システム同士がつながることで
協調領域と競争領域が大きく変わる

入山先生と白坂先生

白坂 「System of Systems」とは、簡単に言えば、本来独立していた「システム」同士がつながることです。

 この概念は、先ほどのSociety 5.0とも相互に関連しています。サイバーとフィジカルが人の介在なしでつながると、サイバーはこれまでもインターネットでつながっていましたので、まるでフィジカル側が連動しているように見えてくるんですね。

 例を挙げますと、病院の診察の予約を行うとします。すると、予約した時間に間に合うように車が自動的に迎えに来てくれる。その車に乗って病院へ向かう途中、渋滞に巻き込まれたとします。すると、到着時間に合わせて予約時間が更新される。ないしは診察を待つ人の予約の順番が入れ替わる。病院の予約システム、自動車のシステム、渋滞情報といった、個々のシステムがつながり、大きなシステムを構成しています。こういったことが、病院とモビリティが連携し、サイバーとフィジカルがつながると、できるようになる。

 もう少し、System of Systemsの例を挙げます。

 たとえば、INCOSE(インコゼ/The International Council on Systems Engineering/システムズエンジニアリングの国際評議会)が発行するハンドブック(『Systems Engineering Handbook』)では、一眼レフカメラと、プリンタをもとに解説しています。

 一眼レフカメラもひとつのシステムですし、プリンタもひとつのシステムです。これらをつなげて、「一眼レフカメラで撮影し、プリンタで印刷する」という仕組み(システム)をつくる。それぞれ独立したシステムですが、それらをつなげることで、「写真を撮って印刷する」システムができる。これもSystem of Systemsです。

System of Systems『Systems Engineering Handbook』を参考に編集部作成

 これまでのシステムでは、基本的に「誰か」が全体の品質をみていました。でもSystem of Systemsでは、誰も全体の品質をみていなくても、ユーザーがつなげて使うということが、普通に起こり始めたんです。一眼レフカメラで写真を撮ってうまくいかなければ、カメラのメーカーで調べてもらう。プリンターで印刷しようとしてうまくいかなければ、プリンタのメーカーで調べてもらう。でも、これらがつながった状態でうまくいかないと、原因はカメラ側なのか、プリンタ側なのか、その間のケーブルなのか、よくわからない。

「全体の品質の担保がなされてない仕組み」というものを、社会のインフラとして、あるいは、生活の基盤として、使い始める時代がすでに始まっていて、そこでは、今までとは違い、何が原因で誰が悪いのかがよくわからない、ということが起き始めた。

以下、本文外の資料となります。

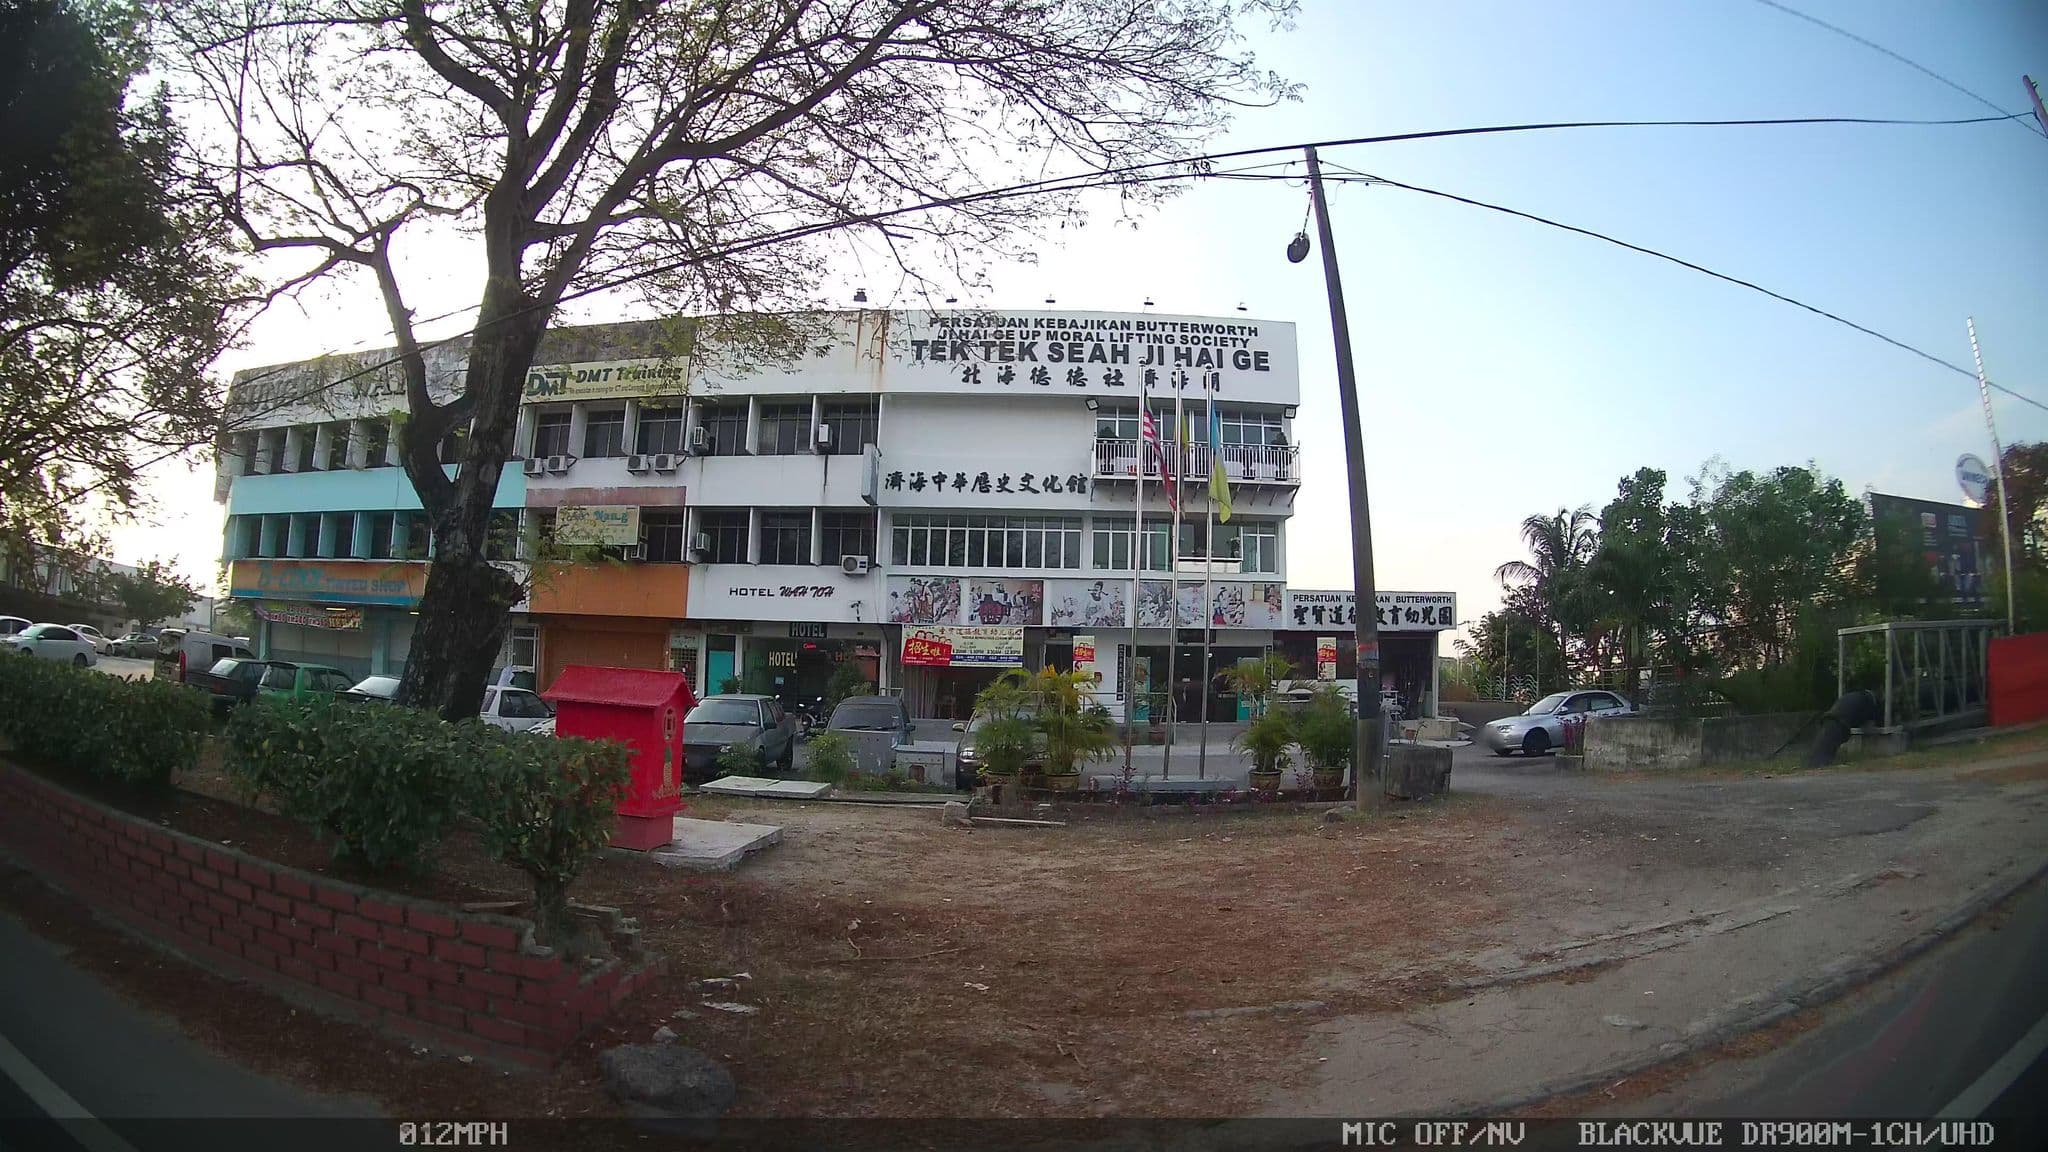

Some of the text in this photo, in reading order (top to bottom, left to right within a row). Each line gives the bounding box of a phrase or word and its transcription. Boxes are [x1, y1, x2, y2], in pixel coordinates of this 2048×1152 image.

[929, 317, 1258, 337] PERSATUAN KEBAJIKAN BUTTERWORTH
[961, 330, 988, 340] HAI
[991, 330, 1015, 340] GE
[1019, 331, 1041, 341] UP
[1046, 331, 1105, 343] MORAL
[1109, 332, 1175, 345] LIFTING
[1180, 335, 1250, 348] SOCIETY
[911, 340, 1270, 372] TEK TEK SEAH JI HAI GE
[575, 368, 613, 384] DMT
[729, 585, 836, 598] HOTEL WAH TOH
[1293, 594, 1341, 603] PERSATUAN
[1396, 595, 1452, 604] BUTTERWORTH
[791, 622, 825, 637] HOTEL
[768, 651, 796, 667] HOTEL
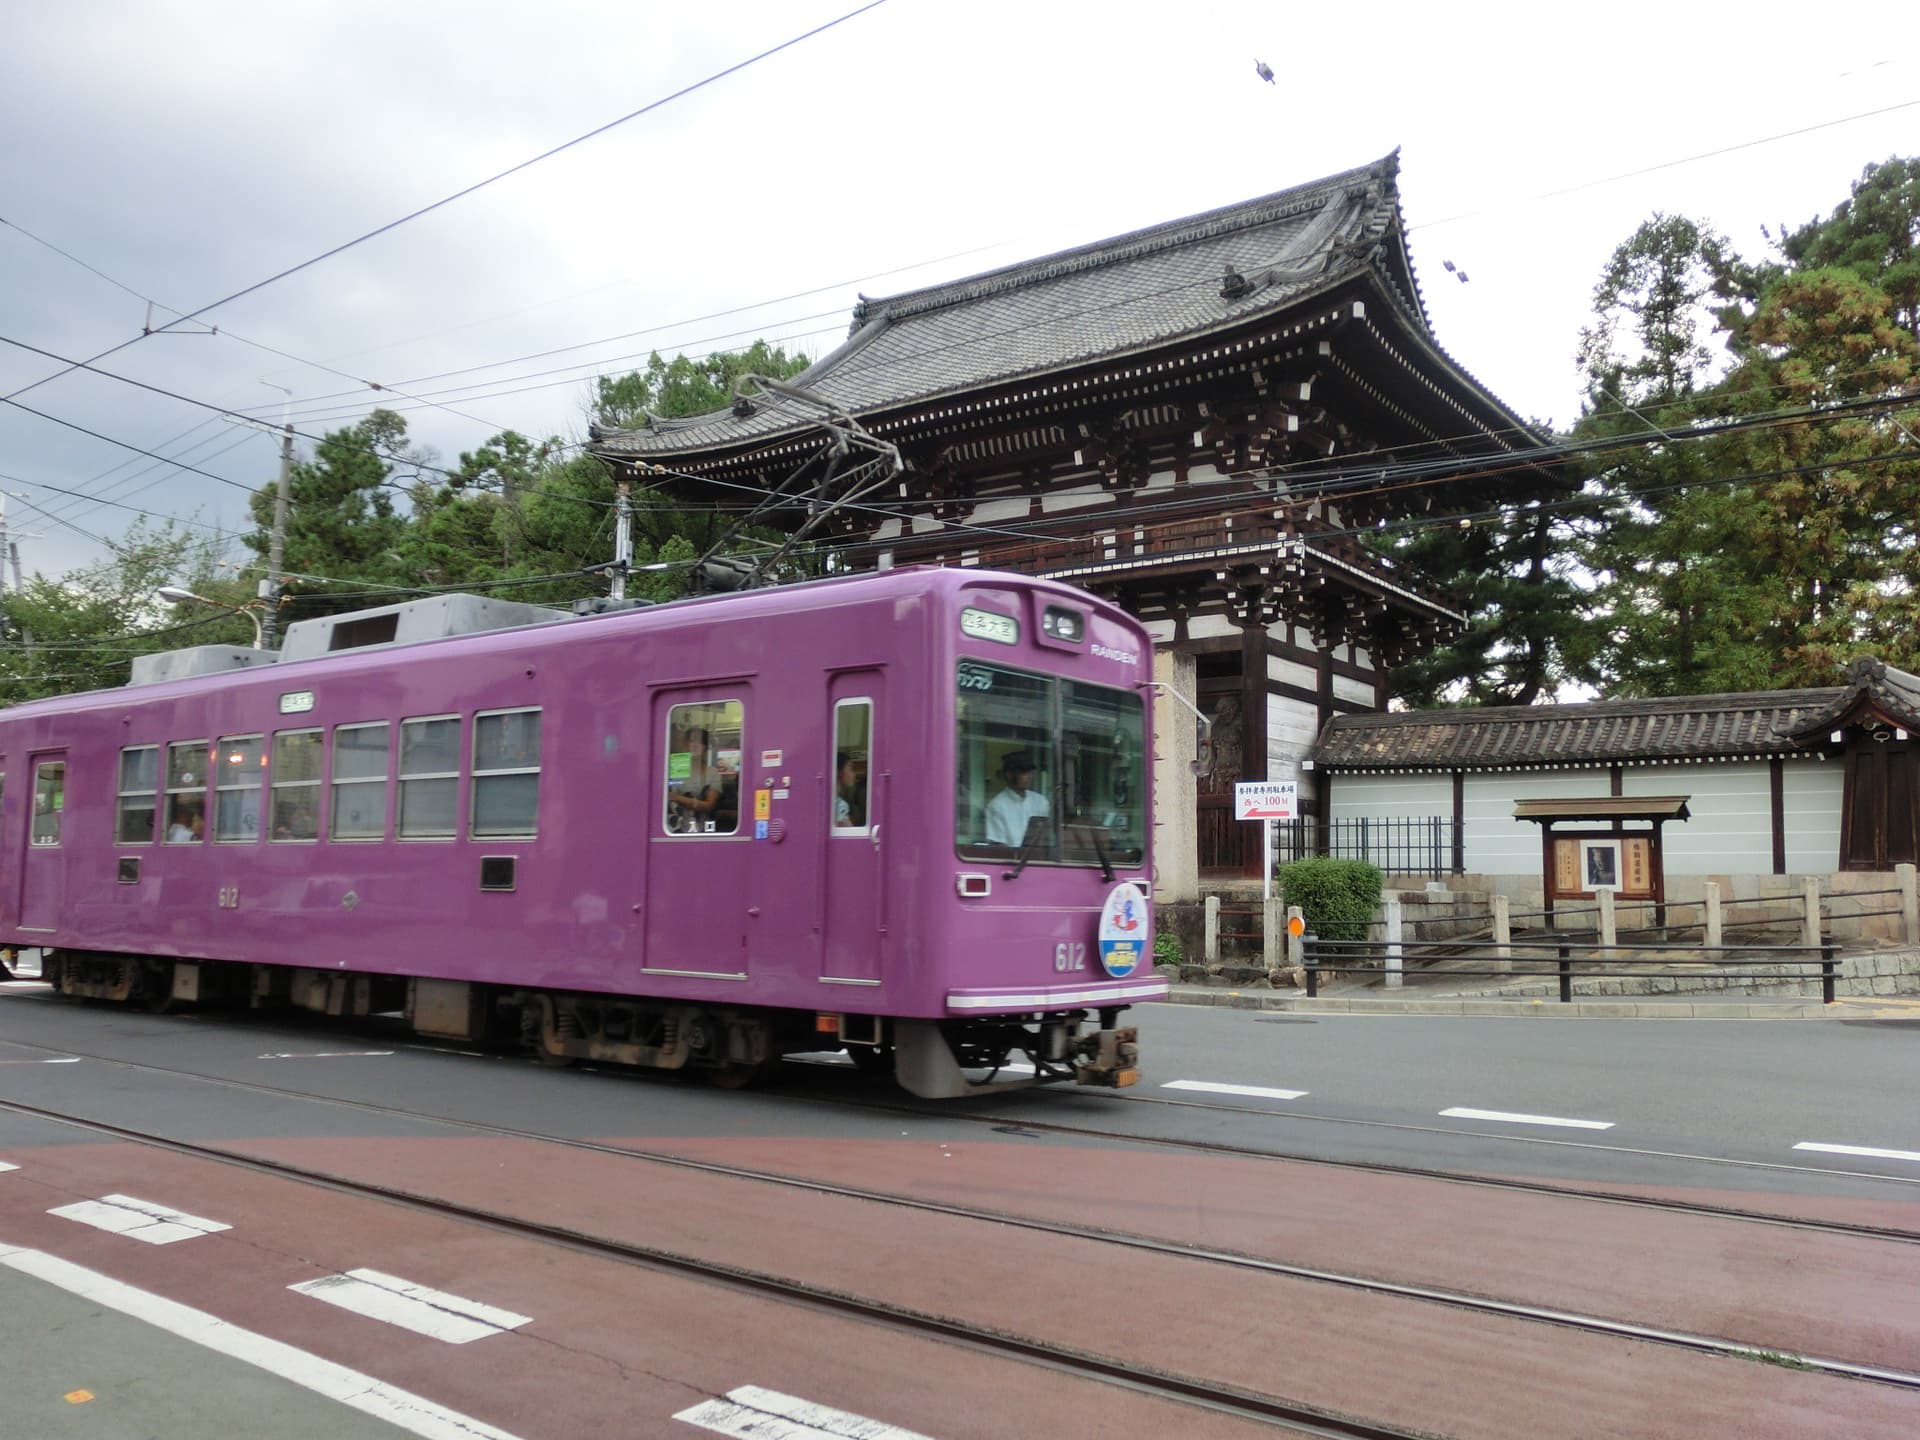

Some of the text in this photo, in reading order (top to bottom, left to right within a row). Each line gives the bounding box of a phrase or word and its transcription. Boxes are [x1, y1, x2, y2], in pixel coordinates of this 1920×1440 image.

[1090, 644, 1138, 665] RANDEN
[218, 887, 240, 909] 612
[1055, 943, 1086, 972] 612

スマートグリッドやスマートシティ、インダストリー4.0 のIoTにしても、全部そうなんです。

 とはいえ、こうしたSystem of Systemsはこれからもどんどん増えますし、私たちも企業も、当たり前のように利用していきます。では、System of Systemsが広がったときに、私たちはどうすべきかというと、協調と競争が「縦割り」から「横割り」へと、社会と産業の構造が大きく変わったということを認識しなければいけません。

 どういうことか言いますと、先ほど、Society5.0では、人間中心・ユーザー起点の社会をつくることをめざしていると言いました。顧客がサービスを受けるときのプロセスを可視化する手法を「カスタマー・ジャーニー」と読んだりしますが、これまでもジャーニーを考えること自体は行われていました。病院で診察を受けて会計をするまでのジャーニー、モビリティを利用する人のジャーニー、薬局で薬を受け取るときのジャーニーなど、それぞれ、人間中心・ユーザー起点で考えようという取り組み自体は、もう本当にいろんなところでおこなわれています。

 これまでは、車は車、病院は病院、というのが産業のひとつのカテゴリーになっていて、その中で協調領域と競争領域がありました。自動車産業なら「道路」という協調領域の上で、「どのような車(モビリティ)を造るか」で競ってきました。「縦割り」で協調と競争をしてきたんです。